Госпожа Кампан удивилась еще больше.
- Мы многим обязаны этому молодому человеку, сударыня, - продолжала королева, снисходя до объяснения своих намерений, что вообще-то было ей не свойственно.
- Однако мне казалось, ваше величество, - осмелела камеристка, - что господин Барнав демократ, простолюдин, он из тех, для кого все средства были хороши, лишь бы добиться своего нынешнего положения.
- Да, сударыня, все средства, предоставляемые его талантом, - заметила королева. - Однако хорошенько запомните, что я вам сейчас скажу: я прощаю Барнаву; чувство гордости, которое я не могла бы порицать, заставило его приветствовать все, что возвышало то сословие, откуда он вышел сам; прощения не может быть господам знатного происхождения, переметнувшимся на сторону революции. Но если власть вернется к нам, прощение Барнаву обеспечено заранее… Ступайте и постарайтесь узнать, что сталось с господином де Мальденом и господином де Валори.
Сердцем королева присоединяла к этим двум именам имя графа де Шарни; но она никак не могла его выговорить.
Ей доложили, что ванна готова.
За то время, пока королева была у дофина, в ее апартаментах повсюду были расставлены часовые, вплоть до дверей в туалетную и даже в ванную комнаты.
Королеве стоило немалого труда добиться того, чтобы эта дверь оставалась запертой, пока она будет принимать ванну.

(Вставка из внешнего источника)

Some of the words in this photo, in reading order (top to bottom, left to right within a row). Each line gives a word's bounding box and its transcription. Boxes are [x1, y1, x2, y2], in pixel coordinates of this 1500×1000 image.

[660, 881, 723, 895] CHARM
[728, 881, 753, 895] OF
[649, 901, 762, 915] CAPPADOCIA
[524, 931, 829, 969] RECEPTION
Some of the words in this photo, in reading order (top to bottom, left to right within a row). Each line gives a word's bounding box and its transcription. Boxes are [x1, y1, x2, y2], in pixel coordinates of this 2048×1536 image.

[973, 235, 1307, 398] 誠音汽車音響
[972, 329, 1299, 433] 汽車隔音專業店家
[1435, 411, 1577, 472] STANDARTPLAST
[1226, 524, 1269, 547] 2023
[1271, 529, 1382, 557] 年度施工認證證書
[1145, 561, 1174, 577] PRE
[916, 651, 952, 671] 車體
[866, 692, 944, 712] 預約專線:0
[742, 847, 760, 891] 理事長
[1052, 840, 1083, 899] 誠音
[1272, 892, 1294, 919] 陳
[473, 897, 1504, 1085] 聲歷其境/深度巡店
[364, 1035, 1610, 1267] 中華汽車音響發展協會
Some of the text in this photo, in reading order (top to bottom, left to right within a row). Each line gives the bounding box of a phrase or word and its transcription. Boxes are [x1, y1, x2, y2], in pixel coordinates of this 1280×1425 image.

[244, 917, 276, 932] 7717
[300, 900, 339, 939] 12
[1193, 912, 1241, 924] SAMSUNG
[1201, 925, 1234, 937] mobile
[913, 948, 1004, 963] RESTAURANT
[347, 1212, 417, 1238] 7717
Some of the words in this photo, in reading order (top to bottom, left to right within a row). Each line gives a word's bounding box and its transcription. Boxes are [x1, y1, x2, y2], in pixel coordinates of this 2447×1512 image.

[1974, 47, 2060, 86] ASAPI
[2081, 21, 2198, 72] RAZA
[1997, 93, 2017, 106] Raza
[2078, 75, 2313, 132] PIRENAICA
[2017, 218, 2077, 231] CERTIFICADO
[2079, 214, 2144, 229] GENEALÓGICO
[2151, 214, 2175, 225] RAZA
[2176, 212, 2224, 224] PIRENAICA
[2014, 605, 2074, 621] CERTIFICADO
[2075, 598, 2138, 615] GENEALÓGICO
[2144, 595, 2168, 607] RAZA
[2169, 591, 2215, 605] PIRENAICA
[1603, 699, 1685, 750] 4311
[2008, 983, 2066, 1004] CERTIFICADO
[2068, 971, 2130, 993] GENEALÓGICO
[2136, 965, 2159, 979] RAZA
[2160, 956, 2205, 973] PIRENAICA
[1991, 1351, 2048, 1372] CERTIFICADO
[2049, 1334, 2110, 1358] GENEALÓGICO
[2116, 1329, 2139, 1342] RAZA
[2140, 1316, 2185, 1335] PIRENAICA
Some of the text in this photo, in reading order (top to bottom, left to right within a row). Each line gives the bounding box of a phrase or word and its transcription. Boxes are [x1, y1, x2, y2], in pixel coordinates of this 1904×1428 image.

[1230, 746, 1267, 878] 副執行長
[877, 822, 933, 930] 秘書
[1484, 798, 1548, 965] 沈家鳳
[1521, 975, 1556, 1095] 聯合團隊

Это послужило причиной, чтобы Прюдом написал в своей газете "Парижские революции":
"Некоторые добрые патриоты, в ком неприязнь к королевской власти не убила сострадания, были, кажется, обеспокоены моральным и физическим состоянием Людовика Шестнадцатого и членов его семьи после злополучной поездки в Сент-Мену.
Ну так успокойтесь! Наш "бывший", вернувшись в субботу вечером к себе, чувствовал себя ничуть не хуже, чем после утомительной и неудачной охоты: он, как всегда, умял цыпленка, а на следующий день после обеда стал играть с сыном.